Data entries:
-------

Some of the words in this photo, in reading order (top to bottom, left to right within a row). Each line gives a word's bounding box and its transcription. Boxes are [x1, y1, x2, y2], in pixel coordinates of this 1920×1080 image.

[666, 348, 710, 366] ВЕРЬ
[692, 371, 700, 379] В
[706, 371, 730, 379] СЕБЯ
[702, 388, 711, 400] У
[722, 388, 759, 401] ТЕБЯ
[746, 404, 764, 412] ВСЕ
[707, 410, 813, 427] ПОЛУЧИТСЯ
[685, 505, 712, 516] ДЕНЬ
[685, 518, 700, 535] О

-------

Output the data exactly, so that every line matches the original.

Some of the words in this photo, in reading order (top to bottom, left to right within a row). Each line gives a word's bounding box and its transcription. Boxes are [x1, y1, x2, y2], in pixel coordinates of this 1920×1080 image.

[666, 348, 710, 366] ВЕРЬ
[692, 371, 700, 379] В
[706, 371, 730, 379] СЕБЯ
[702, 388, 711, 400] У
[722, 388, 759, 401] ТЕБЯ
[746, 404, 764, 412] ВСЕ
[707, 410, 813, 427] ПОЛУЧИТСЯ
[685, 505, 712, 516] ДЕНЬ
[685, 518, 700, 535] О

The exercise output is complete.